It's Christmas Eve and things aren't going quite as planned. I made this plan to keep busy and keep into eveything and try really hard to keep the 25th separate from the 26th. And I bought this amazing Advent Book, but then forgot it when we went to visit Grandma and are now 11 days behind schedule. And who can catch up from that on Christmas Eve?

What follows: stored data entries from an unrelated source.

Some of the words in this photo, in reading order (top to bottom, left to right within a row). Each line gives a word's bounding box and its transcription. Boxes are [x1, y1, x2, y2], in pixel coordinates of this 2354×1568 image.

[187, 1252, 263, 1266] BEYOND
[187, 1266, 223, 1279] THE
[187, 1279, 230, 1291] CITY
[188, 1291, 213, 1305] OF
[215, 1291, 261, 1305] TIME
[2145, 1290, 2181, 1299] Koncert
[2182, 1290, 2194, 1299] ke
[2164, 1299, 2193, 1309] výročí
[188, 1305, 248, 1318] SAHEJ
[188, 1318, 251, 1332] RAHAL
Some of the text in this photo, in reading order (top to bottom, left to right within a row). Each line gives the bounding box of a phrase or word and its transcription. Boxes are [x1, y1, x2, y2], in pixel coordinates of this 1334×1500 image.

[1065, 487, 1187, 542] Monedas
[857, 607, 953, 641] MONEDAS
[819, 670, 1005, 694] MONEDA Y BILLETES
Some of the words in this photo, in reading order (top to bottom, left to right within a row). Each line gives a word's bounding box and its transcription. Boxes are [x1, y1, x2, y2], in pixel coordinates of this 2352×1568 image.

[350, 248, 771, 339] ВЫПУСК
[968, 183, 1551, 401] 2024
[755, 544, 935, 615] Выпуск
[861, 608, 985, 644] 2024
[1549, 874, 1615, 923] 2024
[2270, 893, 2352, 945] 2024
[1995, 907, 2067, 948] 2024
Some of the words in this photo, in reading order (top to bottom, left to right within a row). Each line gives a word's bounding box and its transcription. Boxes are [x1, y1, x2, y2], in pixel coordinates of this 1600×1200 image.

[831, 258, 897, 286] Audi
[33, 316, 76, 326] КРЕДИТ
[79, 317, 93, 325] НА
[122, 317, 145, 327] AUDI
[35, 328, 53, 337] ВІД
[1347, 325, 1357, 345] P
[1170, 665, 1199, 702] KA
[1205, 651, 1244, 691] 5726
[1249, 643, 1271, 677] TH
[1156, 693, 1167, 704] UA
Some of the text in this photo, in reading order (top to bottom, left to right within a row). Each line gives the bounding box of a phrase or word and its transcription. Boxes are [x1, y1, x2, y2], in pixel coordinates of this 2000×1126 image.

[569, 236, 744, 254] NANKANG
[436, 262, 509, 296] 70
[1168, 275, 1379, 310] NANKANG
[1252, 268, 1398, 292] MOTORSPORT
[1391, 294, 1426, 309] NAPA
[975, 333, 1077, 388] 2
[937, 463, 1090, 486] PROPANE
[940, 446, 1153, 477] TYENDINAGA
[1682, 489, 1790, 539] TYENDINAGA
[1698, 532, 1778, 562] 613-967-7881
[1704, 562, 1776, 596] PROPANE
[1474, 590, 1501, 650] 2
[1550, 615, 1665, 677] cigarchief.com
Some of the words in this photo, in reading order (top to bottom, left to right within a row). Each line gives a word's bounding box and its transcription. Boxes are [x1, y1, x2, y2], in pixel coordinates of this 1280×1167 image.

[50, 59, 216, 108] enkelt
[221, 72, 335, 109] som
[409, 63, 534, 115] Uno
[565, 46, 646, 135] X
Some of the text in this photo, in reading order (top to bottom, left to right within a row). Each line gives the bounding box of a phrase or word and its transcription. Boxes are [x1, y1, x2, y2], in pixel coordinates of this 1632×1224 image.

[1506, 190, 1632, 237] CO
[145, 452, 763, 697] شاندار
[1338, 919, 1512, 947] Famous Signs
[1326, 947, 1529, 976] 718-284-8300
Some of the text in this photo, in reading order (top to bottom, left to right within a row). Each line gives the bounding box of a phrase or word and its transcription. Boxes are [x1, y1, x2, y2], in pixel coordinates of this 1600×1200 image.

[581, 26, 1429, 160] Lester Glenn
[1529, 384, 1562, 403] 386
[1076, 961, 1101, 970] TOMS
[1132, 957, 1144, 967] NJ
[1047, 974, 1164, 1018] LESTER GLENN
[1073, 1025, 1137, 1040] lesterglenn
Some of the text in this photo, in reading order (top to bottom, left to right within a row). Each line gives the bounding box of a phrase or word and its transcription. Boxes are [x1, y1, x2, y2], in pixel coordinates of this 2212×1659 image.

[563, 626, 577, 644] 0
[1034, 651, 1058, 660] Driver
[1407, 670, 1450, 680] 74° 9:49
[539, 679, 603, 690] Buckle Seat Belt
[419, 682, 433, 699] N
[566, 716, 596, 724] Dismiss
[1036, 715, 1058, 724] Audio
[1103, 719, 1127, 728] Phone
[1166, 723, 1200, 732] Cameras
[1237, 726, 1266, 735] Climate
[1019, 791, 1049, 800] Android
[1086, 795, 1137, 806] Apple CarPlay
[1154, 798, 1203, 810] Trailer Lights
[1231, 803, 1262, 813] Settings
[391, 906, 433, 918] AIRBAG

But here we are. Christmas Eve. And I had this plan. Yesterday was wrapping and baking day. Only, I got the wrapping done the night before in a crazy whirlwind mess. Which turned out to be a great thing. Except for the part where I put out all the gifts under the tree and then after Little Lady got up, I didn't mention how they weren't fair game yet. And I went to brush my teeth and was greeted by a very excited lady holding her brand new Frozen Jammies. And I looked at her with magic in her eyes and happiness in her heart and I yelled at her for opening gifts before Christmas. And I didn't even stop there. I yanked them out of her hands, put them back in a bag under the tree and in my most Grinch-like voice told her its not Christmas yet so don't even think about it. She burst into tears and then five minutes later into flames.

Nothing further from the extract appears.